- [Try it]:
No line before the one containing "this 1920×1280 image." should appear; that line and all lines after it, through the end of the data, are to be set down exactly.

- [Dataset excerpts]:
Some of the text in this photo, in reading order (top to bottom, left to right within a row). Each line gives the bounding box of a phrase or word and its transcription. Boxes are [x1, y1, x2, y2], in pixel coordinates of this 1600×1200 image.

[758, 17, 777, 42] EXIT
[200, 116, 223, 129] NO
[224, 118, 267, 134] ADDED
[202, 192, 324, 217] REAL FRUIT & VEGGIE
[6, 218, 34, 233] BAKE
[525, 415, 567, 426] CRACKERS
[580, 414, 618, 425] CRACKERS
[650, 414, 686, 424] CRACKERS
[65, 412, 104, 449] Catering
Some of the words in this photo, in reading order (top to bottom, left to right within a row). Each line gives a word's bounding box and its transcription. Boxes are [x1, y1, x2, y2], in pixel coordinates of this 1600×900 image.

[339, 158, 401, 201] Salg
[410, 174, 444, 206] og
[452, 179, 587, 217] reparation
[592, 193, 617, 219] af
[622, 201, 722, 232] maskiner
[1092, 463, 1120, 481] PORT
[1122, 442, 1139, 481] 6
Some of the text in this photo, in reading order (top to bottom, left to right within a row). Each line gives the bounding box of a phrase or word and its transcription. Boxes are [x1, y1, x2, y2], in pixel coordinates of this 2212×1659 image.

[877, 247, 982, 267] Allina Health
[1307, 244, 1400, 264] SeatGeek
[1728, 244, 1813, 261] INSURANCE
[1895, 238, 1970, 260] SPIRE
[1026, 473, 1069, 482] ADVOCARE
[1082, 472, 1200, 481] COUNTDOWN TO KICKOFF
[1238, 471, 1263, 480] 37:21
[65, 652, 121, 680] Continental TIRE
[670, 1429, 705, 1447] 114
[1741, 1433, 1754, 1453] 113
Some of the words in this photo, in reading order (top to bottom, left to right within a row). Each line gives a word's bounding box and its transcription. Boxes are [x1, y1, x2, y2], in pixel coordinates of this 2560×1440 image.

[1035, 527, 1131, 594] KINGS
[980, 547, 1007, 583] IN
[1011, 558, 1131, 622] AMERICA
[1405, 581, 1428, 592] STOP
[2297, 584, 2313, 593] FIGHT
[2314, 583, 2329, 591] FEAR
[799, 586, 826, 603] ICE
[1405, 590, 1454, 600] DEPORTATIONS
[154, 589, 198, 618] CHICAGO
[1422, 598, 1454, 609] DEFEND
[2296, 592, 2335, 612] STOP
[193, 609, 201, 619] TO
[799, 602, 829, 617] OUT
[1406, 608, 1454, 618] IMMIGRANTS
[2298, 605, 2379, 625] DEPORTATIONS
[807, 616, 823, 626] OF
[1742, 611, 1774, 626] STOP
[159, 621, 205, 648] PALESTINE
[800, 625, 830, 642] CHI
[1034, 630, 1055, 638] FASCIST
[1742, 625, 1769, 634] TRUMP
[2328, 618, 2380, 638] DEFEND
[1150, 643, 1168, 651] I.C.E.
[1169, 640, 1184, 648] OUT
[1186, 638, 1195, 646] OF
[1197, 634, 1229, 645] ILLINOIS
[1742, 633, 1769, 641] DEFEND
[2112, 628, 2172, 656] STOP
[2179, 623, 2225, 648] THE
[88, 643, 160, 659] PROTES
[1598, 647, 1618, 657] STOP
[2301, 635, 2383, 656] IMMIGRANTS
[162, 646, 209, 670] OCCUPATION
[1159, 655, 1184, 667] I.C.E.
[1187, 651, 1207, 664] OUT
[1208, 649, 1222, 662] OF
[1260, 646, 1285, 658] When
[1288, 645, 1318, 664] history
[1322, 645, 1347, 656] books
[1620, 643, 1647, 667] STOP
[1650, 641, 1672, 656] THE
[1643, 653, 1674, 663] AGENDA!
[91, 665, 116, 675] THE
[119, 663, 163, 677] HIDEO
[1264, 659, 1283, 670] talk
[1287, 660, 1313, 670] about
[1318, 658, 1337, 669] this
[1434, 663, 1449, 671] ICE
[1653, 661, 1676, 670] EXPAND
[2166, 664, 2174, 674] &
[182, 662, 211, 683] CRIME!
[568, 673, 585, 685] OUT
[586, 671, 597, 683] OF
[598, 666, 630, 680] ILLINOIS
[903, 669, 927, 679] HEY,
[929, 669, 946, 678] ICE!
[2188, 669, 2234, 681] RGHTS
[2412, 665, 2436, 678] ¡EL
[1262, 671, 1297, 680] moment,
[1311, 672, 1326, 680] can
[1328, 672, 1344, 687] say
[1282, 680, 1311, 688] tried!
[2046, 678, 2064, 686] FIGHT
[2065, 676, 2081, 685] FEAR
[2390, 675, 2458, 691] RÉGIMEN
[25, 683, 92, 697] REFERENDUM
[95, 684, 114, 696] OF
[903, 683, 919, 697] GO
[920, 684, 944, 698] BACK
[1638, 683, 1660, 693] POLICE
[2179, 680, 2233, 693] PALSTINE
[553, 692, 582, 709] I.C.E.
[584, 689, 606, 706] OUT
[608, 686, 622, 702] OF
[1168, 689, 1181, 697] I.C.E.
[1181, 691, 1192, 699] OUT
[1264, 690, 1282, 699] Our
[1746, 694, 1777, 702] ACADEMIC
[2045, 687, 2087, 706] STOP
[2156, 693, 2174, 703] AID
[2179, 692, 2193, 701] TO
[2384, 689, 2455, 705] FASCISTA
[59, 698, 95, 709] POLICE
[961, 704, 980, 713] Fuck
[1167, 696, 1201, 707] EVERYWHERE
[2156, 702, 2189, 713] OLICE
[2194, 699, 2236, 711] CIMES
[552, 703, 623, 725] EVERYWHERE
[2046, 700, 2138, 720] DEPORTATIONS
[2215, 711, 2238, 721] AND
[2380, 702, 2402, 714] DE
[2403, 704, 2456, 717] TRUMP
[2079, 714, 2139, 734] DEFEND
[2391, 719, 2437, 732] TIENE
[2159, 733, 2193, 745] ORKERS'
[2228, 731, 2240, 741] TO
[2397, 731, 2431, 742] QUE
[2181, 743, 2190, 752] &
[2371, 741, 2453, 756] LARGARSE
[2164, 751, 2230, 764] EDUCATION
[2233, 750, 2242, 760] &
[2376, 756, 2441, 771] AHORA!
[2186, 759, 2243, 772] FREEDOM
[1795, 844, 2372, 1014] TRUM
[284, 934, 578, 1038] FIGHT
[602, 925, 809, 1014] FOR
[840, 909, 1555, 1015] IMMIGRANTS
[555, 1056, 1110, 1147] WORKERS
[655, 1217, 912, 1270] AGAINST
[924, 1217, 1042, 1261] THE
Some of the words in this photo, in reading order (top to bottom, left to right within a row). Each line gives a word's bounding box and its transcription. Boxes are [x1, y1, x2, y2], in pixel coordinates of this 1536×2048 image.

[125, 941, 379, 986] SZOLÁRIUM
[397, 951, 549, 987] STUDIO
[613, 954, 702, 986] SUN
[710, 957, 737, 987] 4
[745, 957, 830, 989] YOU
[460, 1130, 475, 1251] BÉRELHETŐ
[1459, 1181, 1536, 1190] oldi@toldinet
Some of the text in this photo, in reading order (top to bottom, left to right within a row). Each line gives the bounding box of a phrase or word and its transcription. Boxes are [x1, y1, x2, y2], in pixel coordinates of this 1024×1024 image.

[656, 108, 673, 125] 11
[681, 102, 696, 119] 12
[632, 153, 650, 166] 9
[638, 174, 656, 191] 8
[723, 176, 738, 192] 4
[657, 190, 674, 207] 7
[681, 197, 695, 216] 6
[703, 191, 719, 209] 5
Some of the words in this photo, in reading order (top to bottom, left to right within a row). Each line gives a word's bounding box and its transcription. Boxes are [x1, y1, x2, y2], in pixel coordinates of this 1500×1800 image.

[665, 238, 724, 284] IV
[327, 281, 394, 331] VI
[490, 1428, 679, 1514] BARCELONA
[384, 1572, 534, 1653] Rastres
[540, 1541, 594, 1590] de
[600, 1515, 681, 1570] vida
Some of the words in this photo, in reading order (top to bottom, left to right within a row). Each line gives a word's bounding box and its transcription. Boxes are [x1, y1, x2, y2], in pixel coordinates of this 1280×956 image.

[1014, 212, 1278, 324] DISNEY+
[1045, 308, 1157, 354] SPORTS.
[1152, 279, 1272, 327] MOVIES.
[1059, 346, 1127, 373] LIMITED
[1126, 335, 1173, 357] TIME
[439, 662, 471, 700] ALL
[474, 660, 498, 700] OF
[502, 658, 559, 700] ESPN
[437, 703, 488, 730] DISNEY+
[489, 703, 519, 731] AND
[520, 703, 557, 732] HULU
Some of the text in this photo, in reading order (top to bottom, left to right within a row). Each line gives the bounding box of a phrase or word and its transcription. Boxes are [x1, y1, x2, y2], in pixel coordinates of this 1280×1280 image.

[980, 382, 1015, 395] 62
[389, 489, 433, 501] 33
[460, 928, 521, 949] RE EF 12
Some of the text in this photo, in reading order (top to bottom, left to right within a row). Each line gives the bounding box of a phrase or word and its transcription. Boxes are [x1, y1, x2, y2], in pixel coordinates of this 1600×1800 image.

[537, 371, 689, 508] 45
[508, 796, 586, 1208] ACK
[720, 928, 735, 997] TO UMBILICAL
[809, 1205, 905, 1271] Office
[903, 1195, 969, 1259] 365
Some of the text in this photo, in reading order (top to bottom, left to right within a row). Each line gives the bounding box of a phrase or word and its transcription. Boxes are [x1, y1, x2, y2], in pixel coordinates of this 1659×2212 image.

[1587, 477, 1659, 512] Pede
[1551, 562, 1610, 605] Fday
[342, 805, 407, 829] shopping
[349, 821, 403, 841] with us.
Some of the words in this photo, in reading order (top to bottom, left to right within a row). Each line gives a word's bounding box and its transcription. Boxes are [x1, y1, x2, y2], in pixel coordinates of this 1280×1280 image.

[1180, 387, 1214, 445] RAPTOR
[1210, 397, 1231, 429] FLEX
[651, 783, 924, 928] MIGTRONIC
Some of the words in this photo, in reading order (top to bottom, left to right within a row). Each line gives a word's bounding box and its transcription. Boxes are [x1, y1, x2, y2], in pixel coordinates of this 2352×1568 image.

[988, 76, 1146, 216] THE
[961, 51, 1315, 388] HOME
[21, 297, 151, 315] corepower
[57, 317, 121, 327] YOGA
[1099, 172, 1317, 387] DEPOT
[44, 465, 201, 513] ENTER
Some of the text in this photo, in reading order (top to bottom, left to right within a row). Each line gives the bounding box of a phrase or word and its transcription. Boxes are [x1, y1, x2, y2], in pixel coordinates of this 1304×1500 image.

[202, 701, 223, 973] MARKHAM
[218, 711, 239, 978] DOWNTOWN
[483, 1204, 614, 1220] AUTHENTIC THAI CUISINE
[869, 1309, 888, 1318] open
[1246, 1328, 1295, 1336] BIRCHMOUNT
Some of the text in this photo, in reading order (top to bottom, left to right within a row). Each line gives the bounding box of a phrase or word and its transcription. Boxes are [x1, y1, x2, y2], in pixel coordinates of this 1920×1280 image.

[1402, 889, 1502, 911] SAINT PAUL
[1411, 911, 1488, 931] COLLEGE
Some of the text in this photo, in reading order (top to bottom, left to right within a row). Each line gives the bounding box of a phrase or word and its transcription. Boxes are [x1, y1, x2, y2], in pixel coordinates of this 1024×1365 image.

- [Solution to this task]:
Some of the text in this photo, in reading order (top to bottom, left to right within a row). Each line gives the bounding box of a phrase or word and its transcription. Boxes are [x1, y1, x2, y2], in pixel coordinates of this 1920×1280 image.

[1402, 889, 1502, 911] SAINT PAUL
[1411, 911, 1488, 931] COLLEGE
Some of the text in this photo, in reading order (top to bottom, left to right within a row). Each line gives the bounding box of a phrase or word and its transcription. Boxes are [x1, y1, x2, y2], in pixel coordinates of this 1024×1365 image.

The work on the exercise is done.